- _Task statement_
Your task is to return all of the records exactly, minus any images.

(Entries provided Opens)

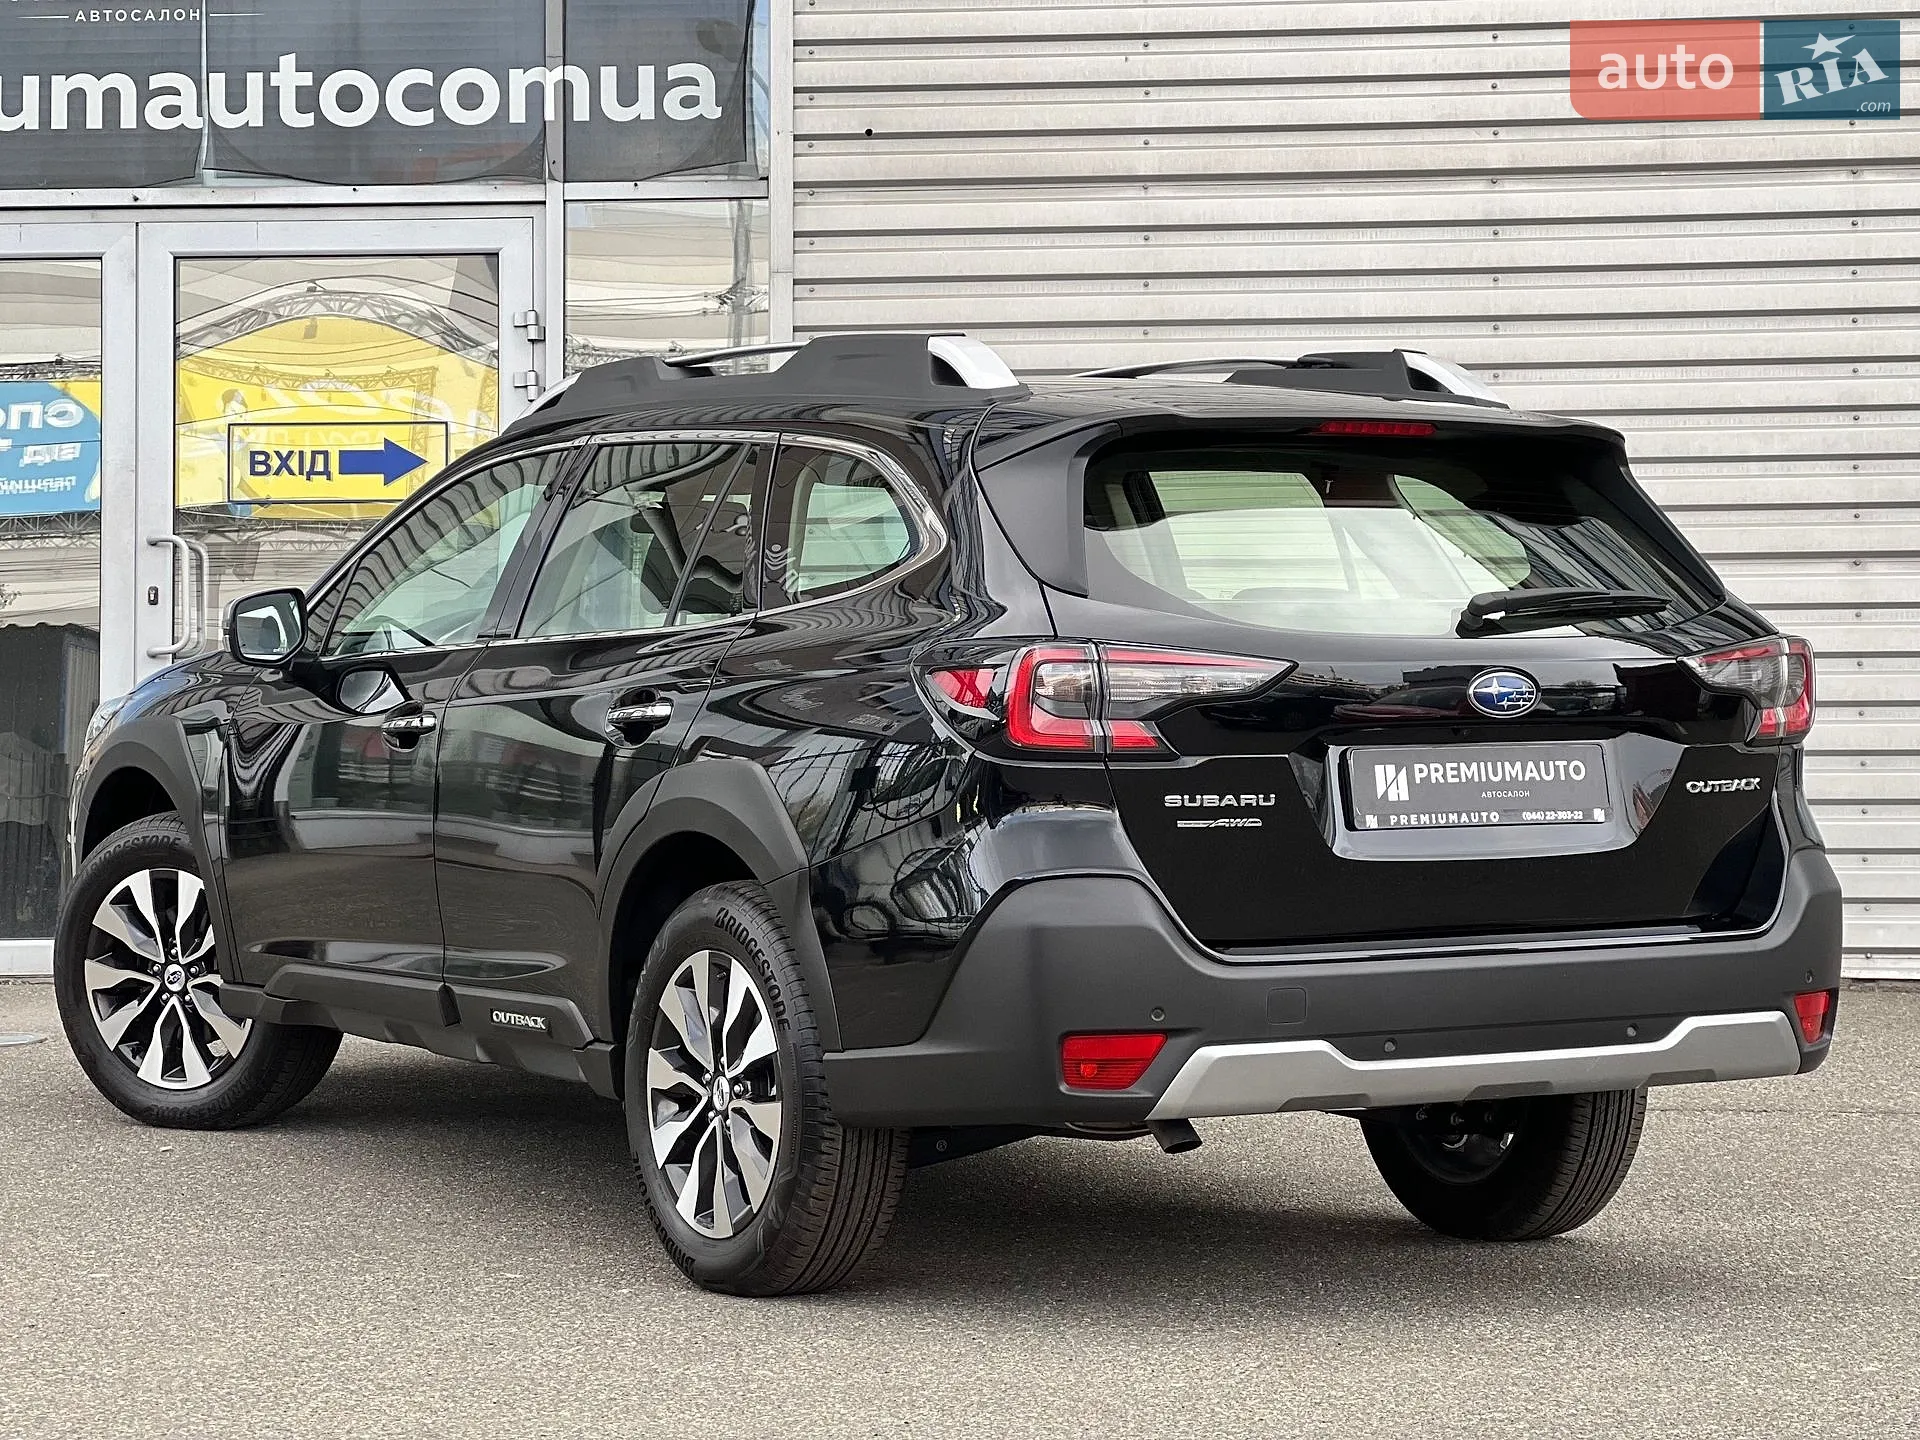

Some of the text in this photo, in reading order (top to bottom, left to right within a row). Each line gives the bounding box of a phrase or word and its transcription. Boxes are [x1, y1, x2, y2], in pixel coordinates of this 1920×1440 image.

[74, 8, 201, 23] АВТОСАЛОН
[249, 449, 333, 482] ВХІД
[1413, 759, 1587, 785] PREMIUMAUTO
[1685, 777, 1761, 794] OUTBACK
[1164, 793, 1276, 807] SUBARU
[1481, 790, 1531, 799] АВТОСАЛОН
[1209, 817, 1263, 828] AWD
[1389, 811, 1500, 827] PREMIUMAUTO
[713, 906, 791, 1032] BRIDGESTONE
[492, 1010, 547, 1030] OUTBACK
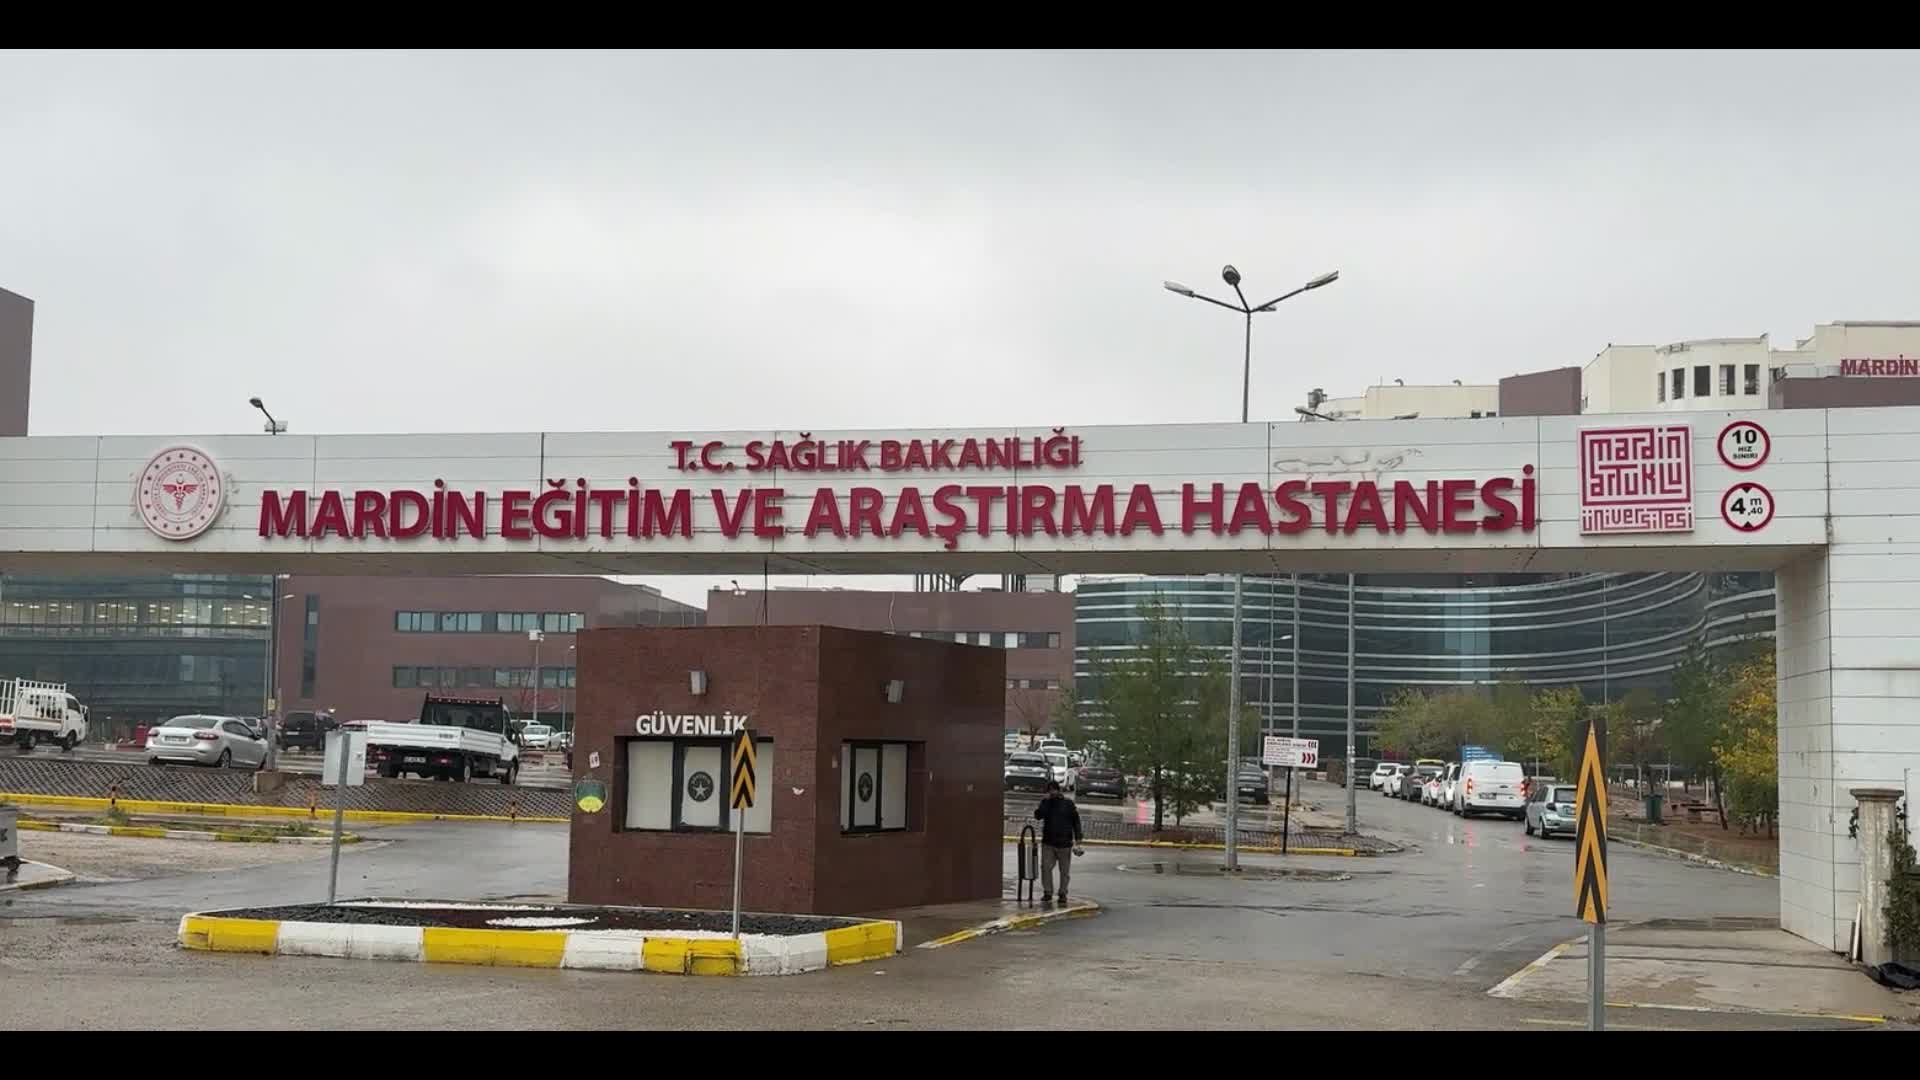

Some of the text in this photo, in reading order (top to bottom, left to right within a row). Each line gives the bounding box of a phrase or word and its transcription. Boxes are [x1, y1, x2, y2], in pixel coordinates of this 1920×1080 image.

[1840, 354, 1919, 376] MARDİN
[1732, 429, 1757, 445] 10
[671, 427, 1081, 471] T.C. SAĞLIK BAKANLIĞI
[258, 478, 486, 538] MARDİN
[501, 477, 695, 539] EĞİTİM
[711, 488, 785, 539] VE
[803, 484, 1164, 549] ARAŞTIRMA
[1181, 463, 1536, 536] HASTANESİ
[1730, 497, 1746, 515] 4
[636, 710, 748, 735] GÜVENLİK
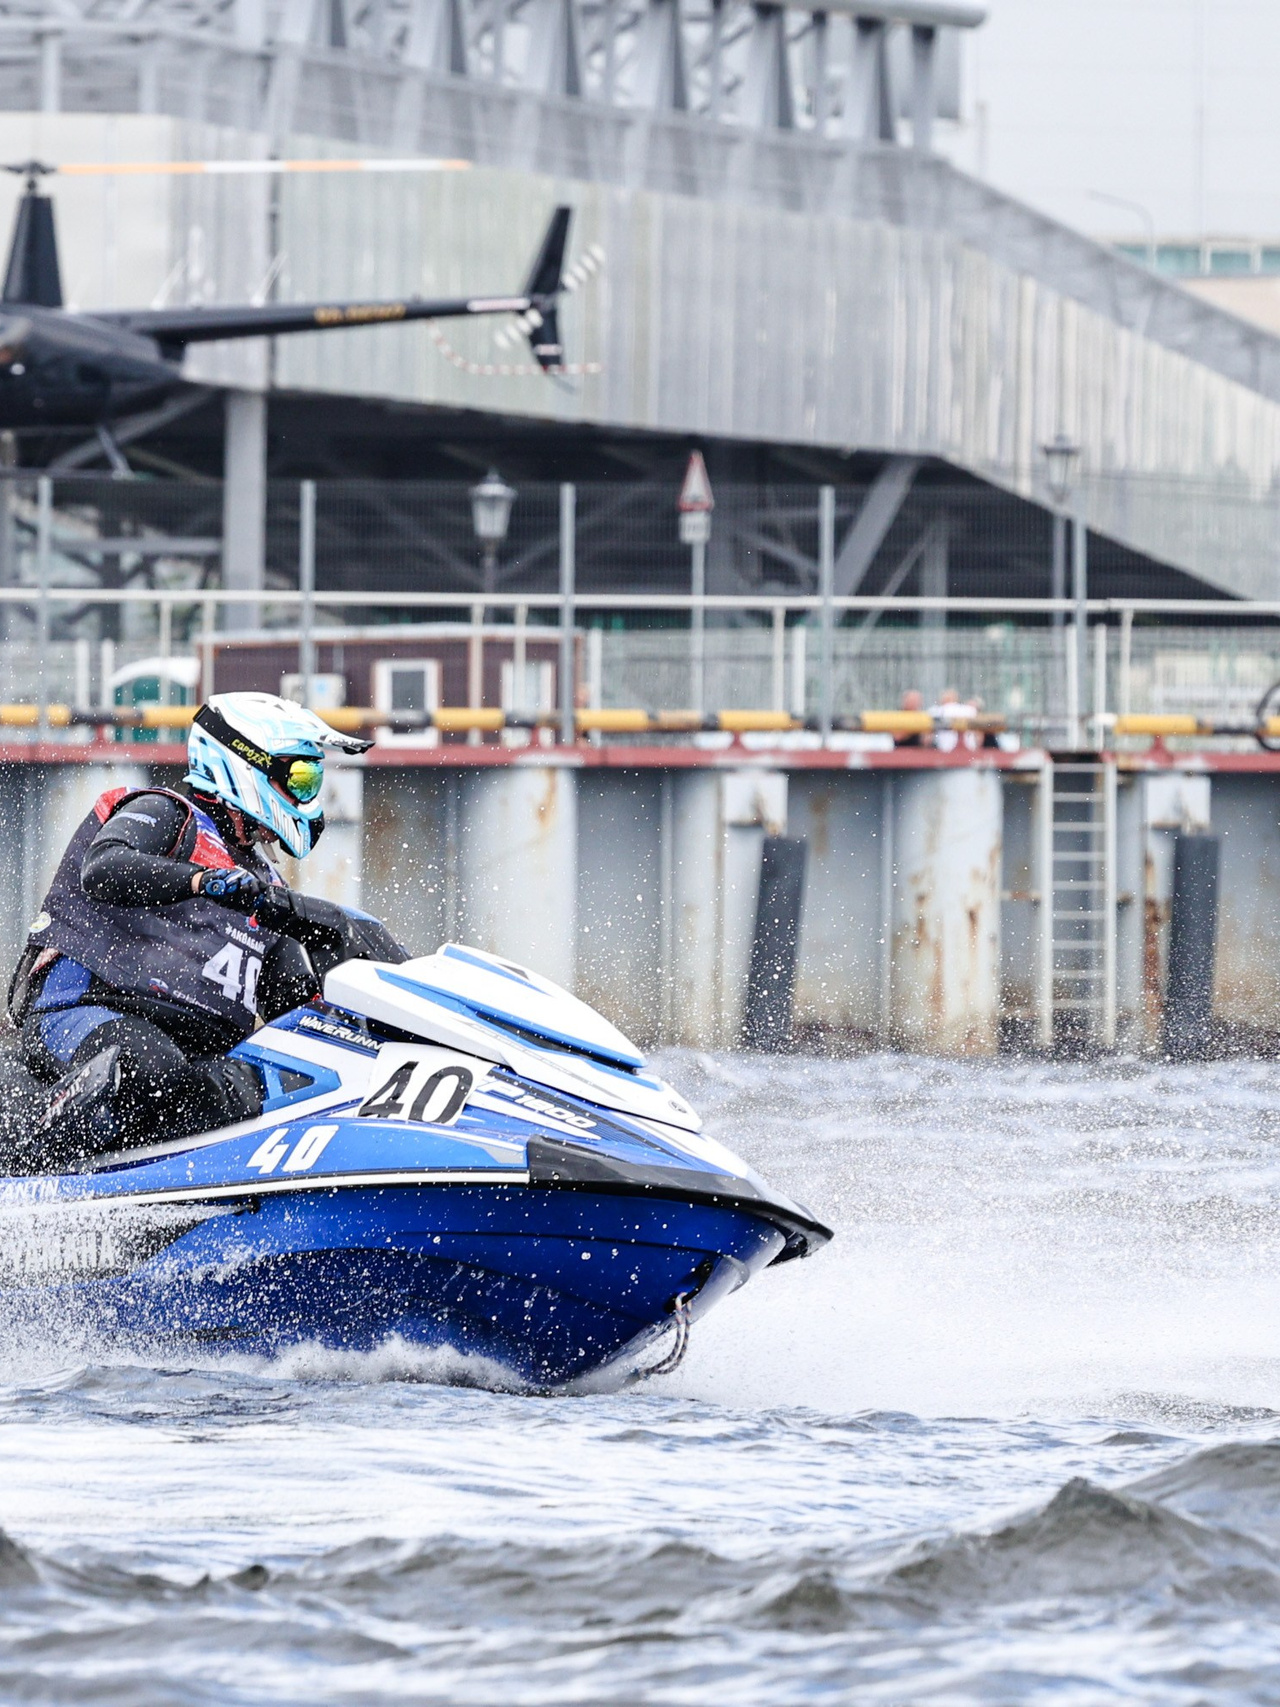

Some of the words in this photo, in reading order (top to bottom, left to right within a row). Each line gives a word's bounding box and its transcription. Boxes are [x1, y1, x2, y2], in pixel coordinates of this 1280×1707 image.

[299, 1015, 382, 1050] WAVERUNN
[357, 1061, 473, 1124] 40
[475, 1077, 597, 1129] P1800
[246, 1124, 339, 1175] 40
[9, 1231, 116, 1273] YAMAHA
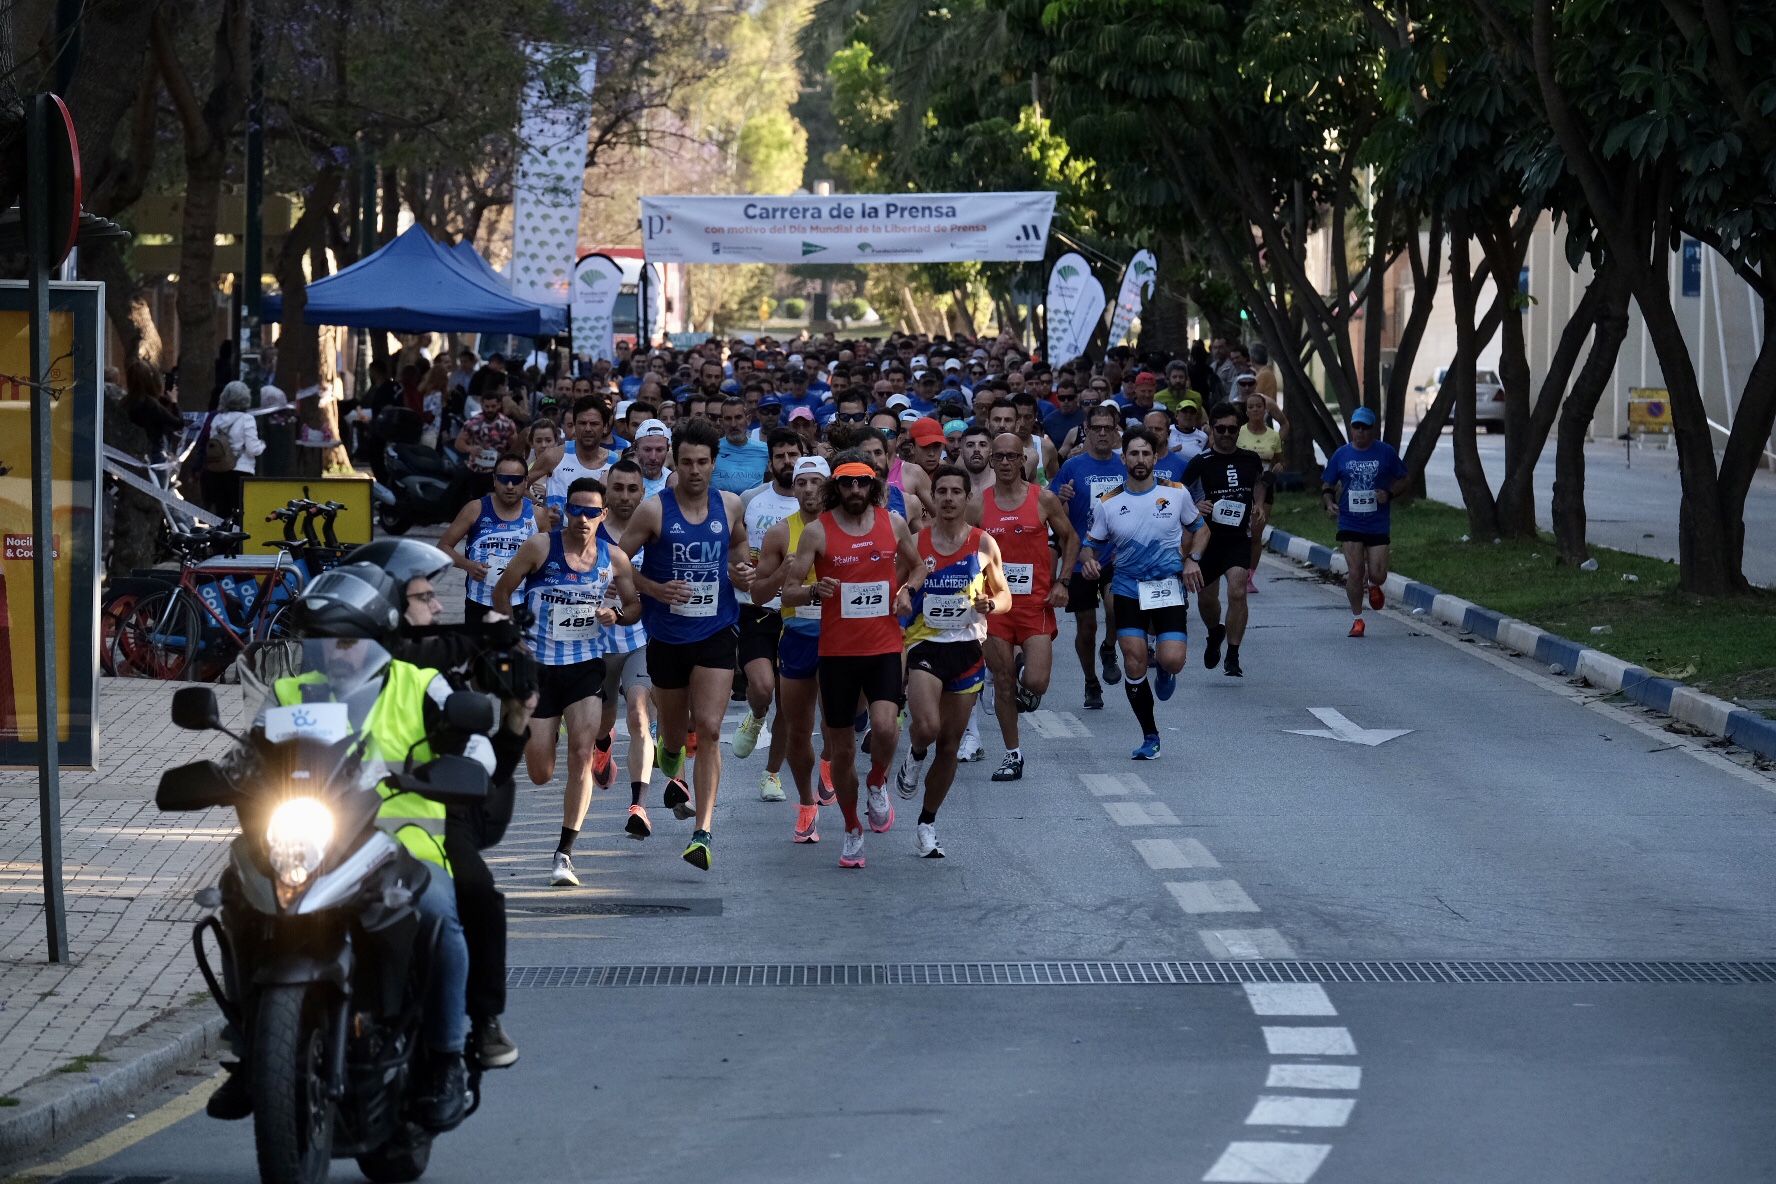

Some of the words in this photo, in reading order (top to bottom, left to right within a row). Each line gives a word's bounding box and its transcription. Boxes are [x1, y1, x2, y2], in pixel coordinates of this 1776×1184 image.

(Entries provided Closes)

- _Response for this exercise_
Some of the text in this photo, in reading order (top to bottom, left to right within a row). Each line gives the bounding box of a phrase or word and its transcription. Boxes are [x1, y1, x2, y2], in pixel coordinates of this 1920×1440 image.

[74, 8, 201, 23] АВТОСАЛОН
[249, 449, 333, 482] ВХІД
[1413, 759, 1587, 785] PREMIUMAUTO
[1685, 777, 1761, 794] OUTBACK
[1164, 793, 1276, 807] SUBARU
[1481, 790, 1531, 799] АВТОСАЛОН
[1209, 817, 1263, 828] AWD
[1389, 811, 1500, 827] PREMIUMAUTO
[713, 906, 791, 1032] BRIDGESTONE
[492, 1010, 547, 1030] OUTBACK

Some of the text in this photo, in reading order (top to bottom, left to right within a row). Each line gives the bounding box of a phrase or word and its transcription. Boxes are [x1, y1, x2, y2], in pixel coordinates of this 1920×1080 image.

[1840, 354, 1919, 376] MARDİN
[1732, 429, 1757, 445] 10
[671, 427, 1081, 471] T.C. SAĞLIK BAKANLIĞI
[258, 478, 486, 538] MARDİN
[501, 477, 695, 539] EĞİTİM
[711, 488, 785, 539] VE
[803, 484, 1164, 549] ARAŞTIRMA
[1181, 463, 1536, 536] HASTANESİ
[1730, 497, 1746, 515] 4
[636, 710, 748, 735] GÜVENLİK

Some of the words in this photo, in reading order (top to bottom, left to right within a row). Each line gives a word's bounding box and its transcription. Boxes are [x1, y1, x2, y2], in pixel coordinates of this 1280×1707 image.

[299, 1015, 382, 1050] WAVERUNN
[357, 1061, 473, 1124] 40
[475, 1077, 597, 1129] P1800
[246, 1124, 339, 1175] 40
[9, 1231, 116, 1273] YAMAHA

Some of the words in this photo, in reading order (top to bottom, left to right within a row). Each line gives a word's bounding box and its transcription. Boxes are [x1, y1, x2, y2], in pixel coordinates of this 1776×1184 image.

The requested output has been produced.